Instructions to follow. Quote the entries word for word. Omit the pictures.

Spatial localization data.
● ● ● ● ●
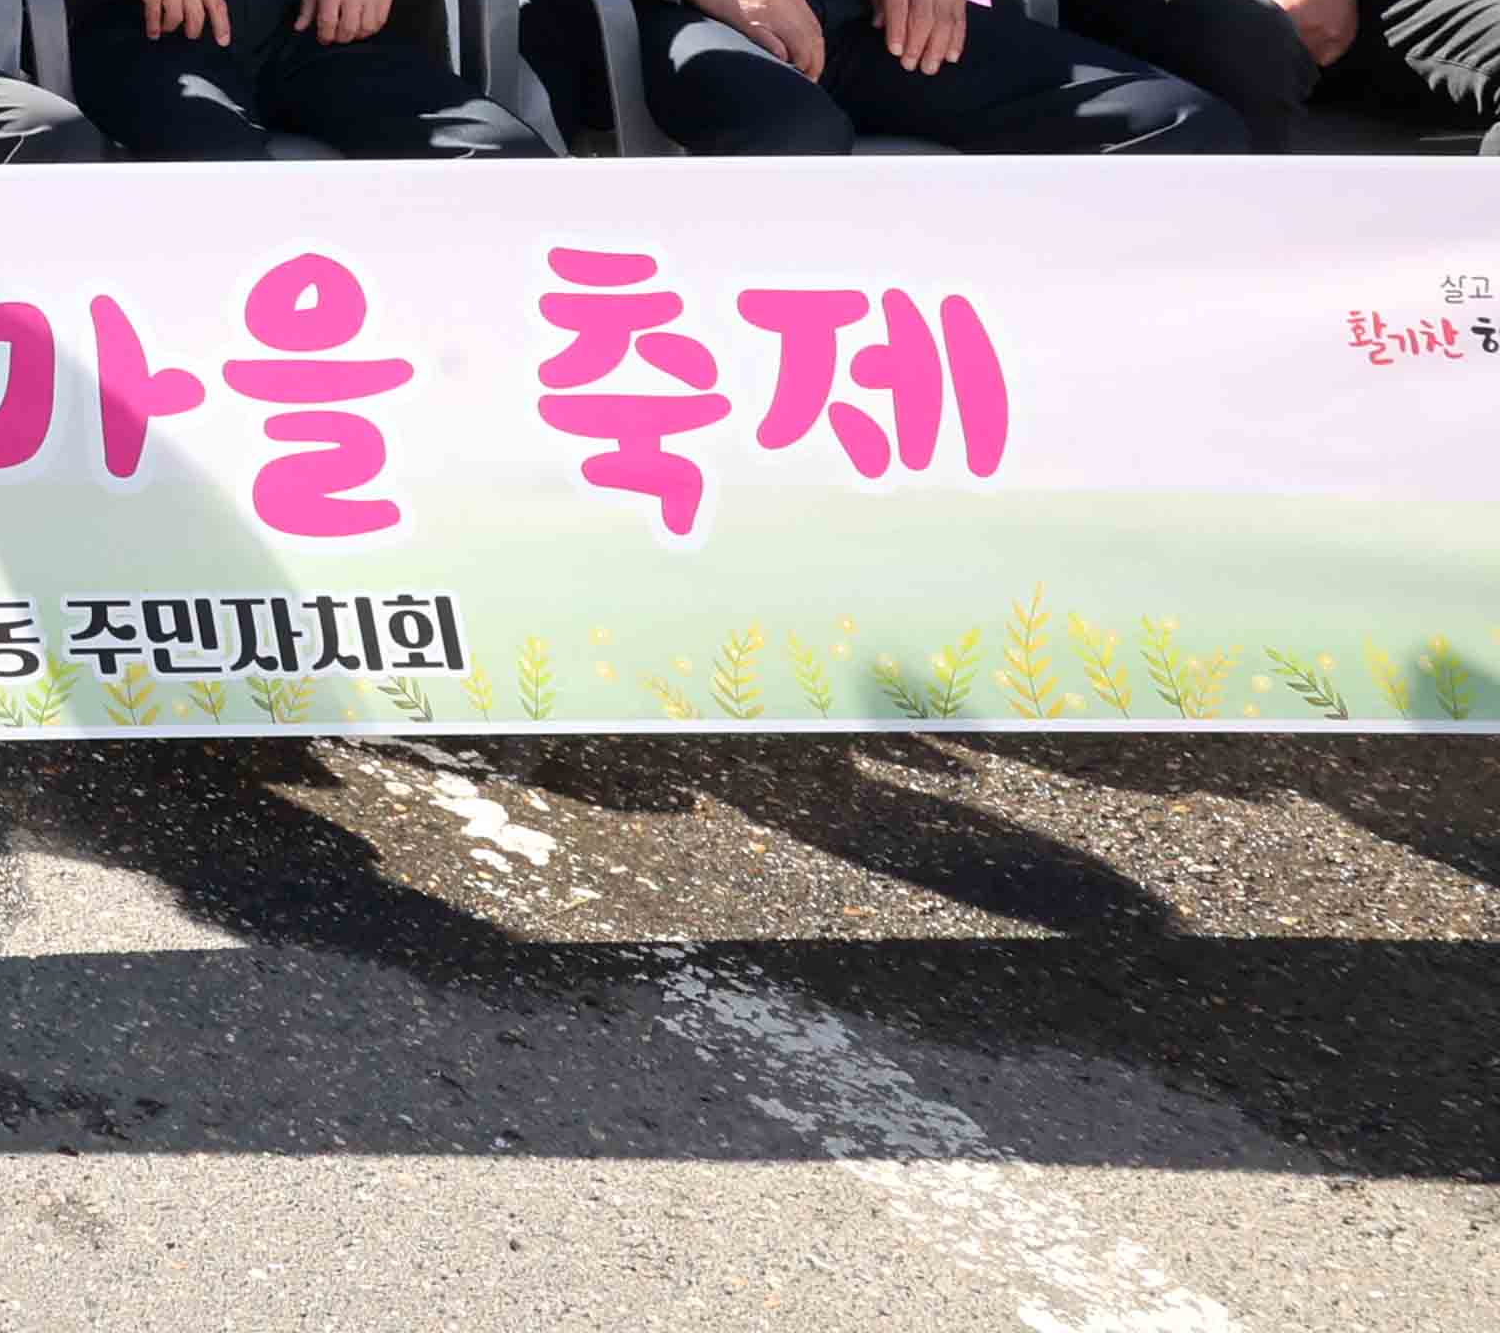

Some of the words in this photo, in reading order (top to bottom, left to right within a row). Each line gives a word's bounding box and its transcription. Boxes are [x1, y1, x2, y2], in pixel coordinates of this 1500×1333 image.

[1440, 275, 1493, 304] 살고
[1347, 310, 1464, 365] 활기찬
[538, 247, 1009, 537] 축제
[68, 593, 468, 677] 주민자치회
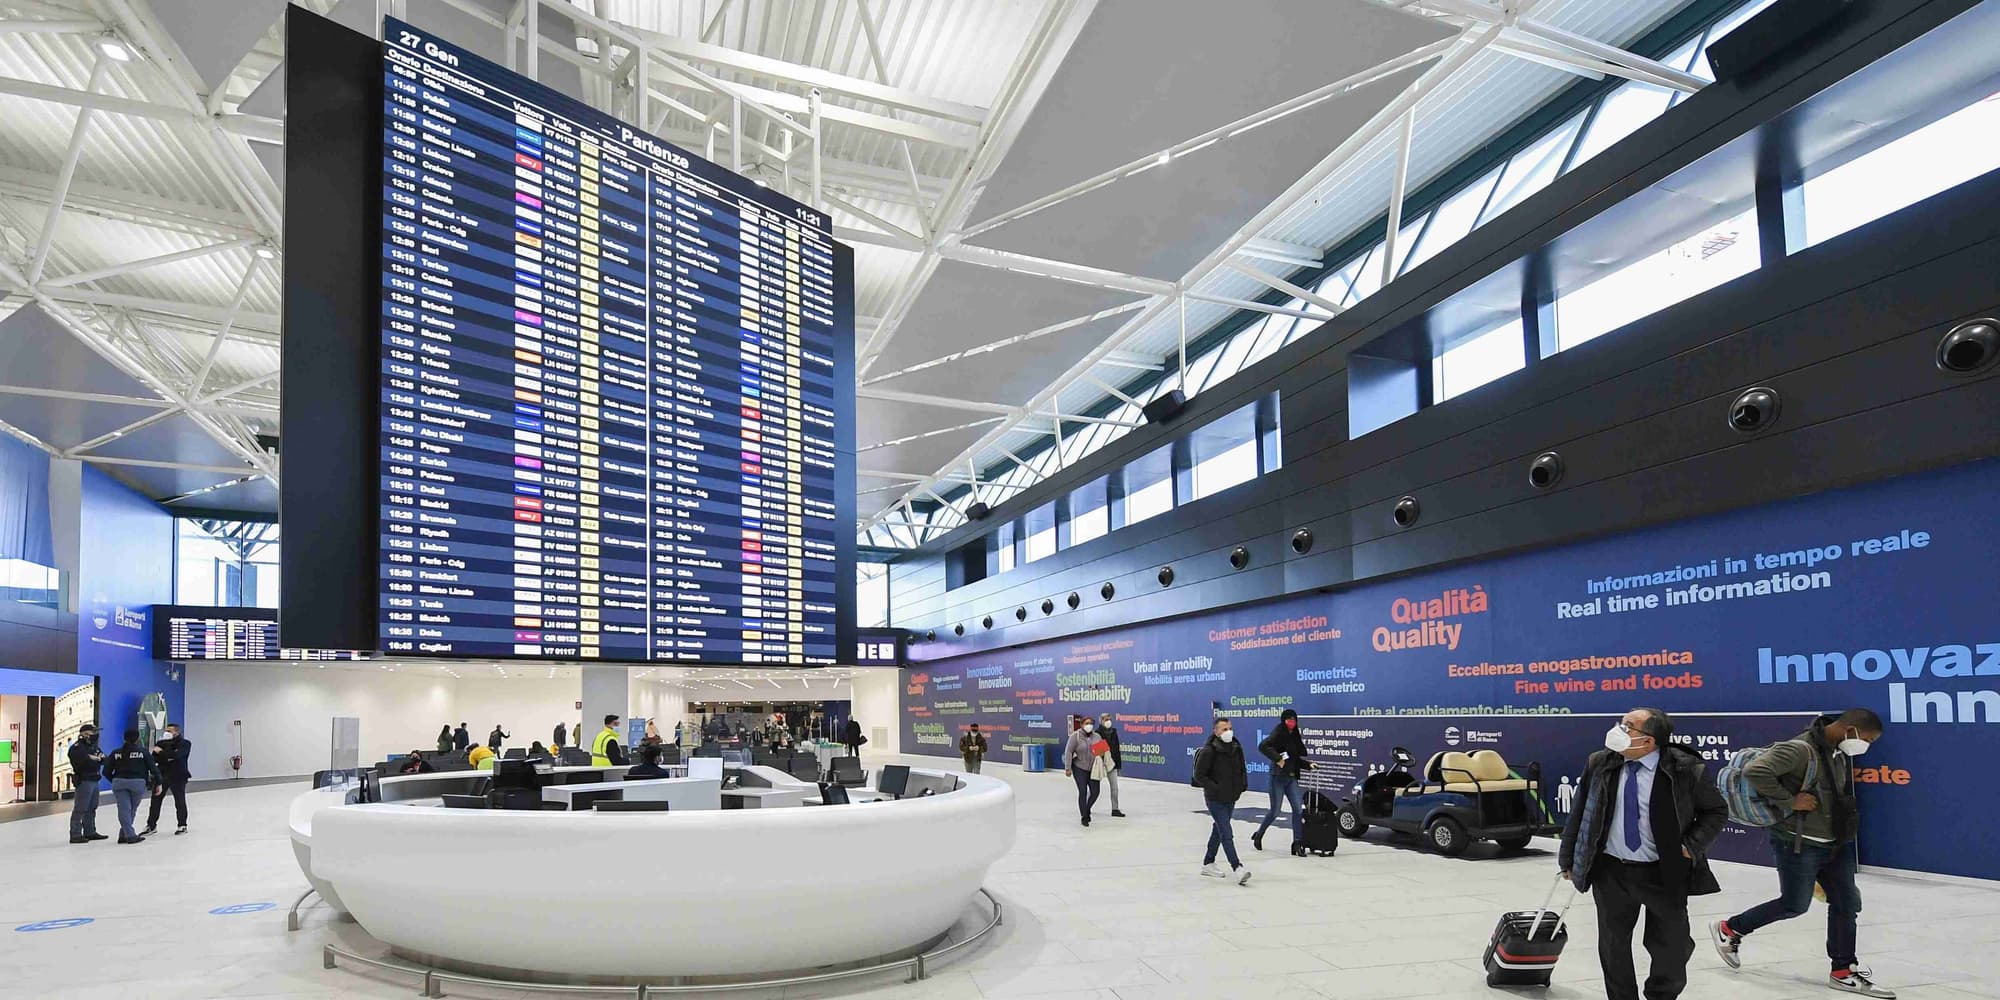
● ● ● ● ●
Written response.
Some of the words in this photo, in reading order (top to bottom, left to right within a row). Each line gives a word's bounding box and its transcription. Boxes are [x1, y1, x2, y2], in pixel coordinates of this 1500×1333 image.

[1440, 275, 1493, 304] 살고
[1347, 310, 1464, 365] 활기찬
[538, 247, 1009, 537] 축제
[68, 593, 468, 677] 주민자치회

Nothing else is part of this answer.